Wednesday, March 17, 2010

Do You Collect Snowdrops In Flower?

To those who love and collect snowdrops, little distinctions make these bulbs worth the hunt.

"You start looking at them a little closer, and you get stuck on these tiny, minute differences, and it all starts making sense and the biggest excitement about snowdrops is that they start blooming now."

Something happens in the last days of winter, as the little white flowers pop through snow, signaling spring before the litany of tulips and daffodils steal the show. The snowdrop so small, you have to bend down and look holds its own in the garden because of its lively appearance when everything else looks dead. Lately, it has earned something of a cult following among hard core gardeners and plant collectors in the United States, following its popularity in England, where tour buses trek out to snowdrop fields in February. Hundreds of new varieties have been discovered in recent years, which are known in the gardening world as galanthophiles, named after the snowdrop's Latin name, Galanthus.

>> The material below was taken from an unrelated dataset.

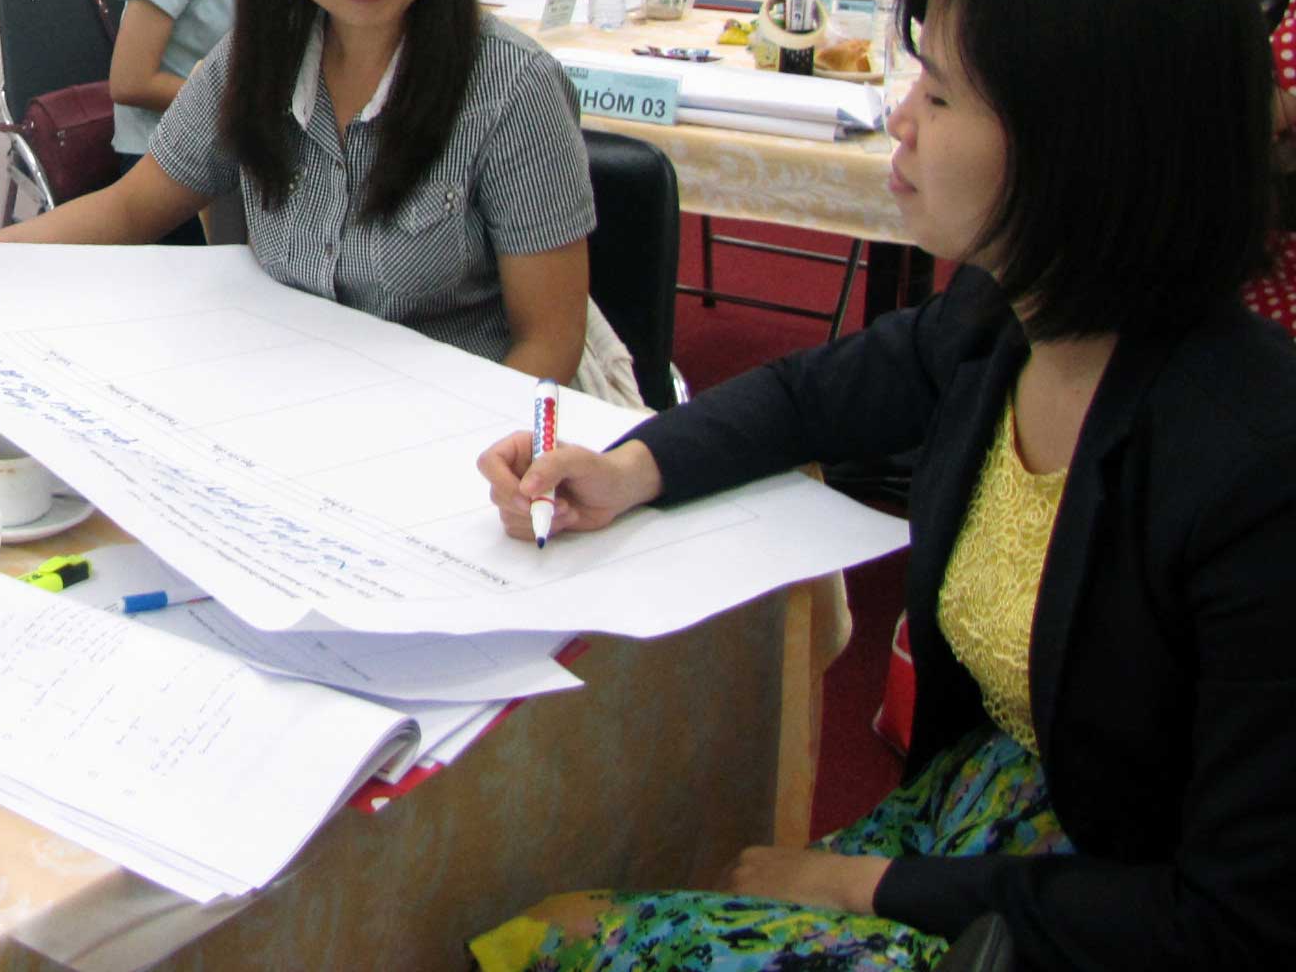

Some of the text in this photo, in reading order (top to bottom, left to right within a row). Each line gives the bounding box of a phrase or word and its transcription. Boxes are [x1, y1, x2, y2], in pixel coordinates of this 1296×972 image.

[577, 88, 666, 118] HÓM 03
[534, 398, 542, 453] EBOARD

"The snowdrop crazies are crazy, and they love the smallest difference and since I'm one of them, I'm aware it's not a normal preoccupation."

Each year, Jonathan Shaw, a Sandwich, Mass., collector who boasts more than 100 different snowdrop varieties, hosts a "Snowdrop Tea" where he auctions off some rare varieties, and gives away more common ones for attendees to take home. Mr. Shaw estimates he has roughly 8,000 snowdrops currently in bloom, mainly along paths around his garden.

While many flower bulbs are crossed to produce hybrids of every possible shape, color and size, the vast majority of snowdrop varieties are simply found in nature, rather than bred in greenhouses. Two varieties might cross in someone's backyard, creating seedlings with different characteristics from their parents. This kind of serendipity adds to its allure.

"In the last 10 years, there are at least 1,000, if not 1,500, new names in circulation of snowdrops. Because of the mania, everyone is finding new things and putting names on them, whether they deserve them or not,"

Trade restrictions on snowdrops mean American collectors can't freely purchase varieties sold in overseas catalogs and nurseries. In 1990, the Convention on International Trade in Endangered Species of Wild Fauna and Flora listed snowdrops as vulnerable in their wild habitats of Turkey, requiring protection from excessive collecting. That is why imports and exports of snowdrops require more permits than many other plants.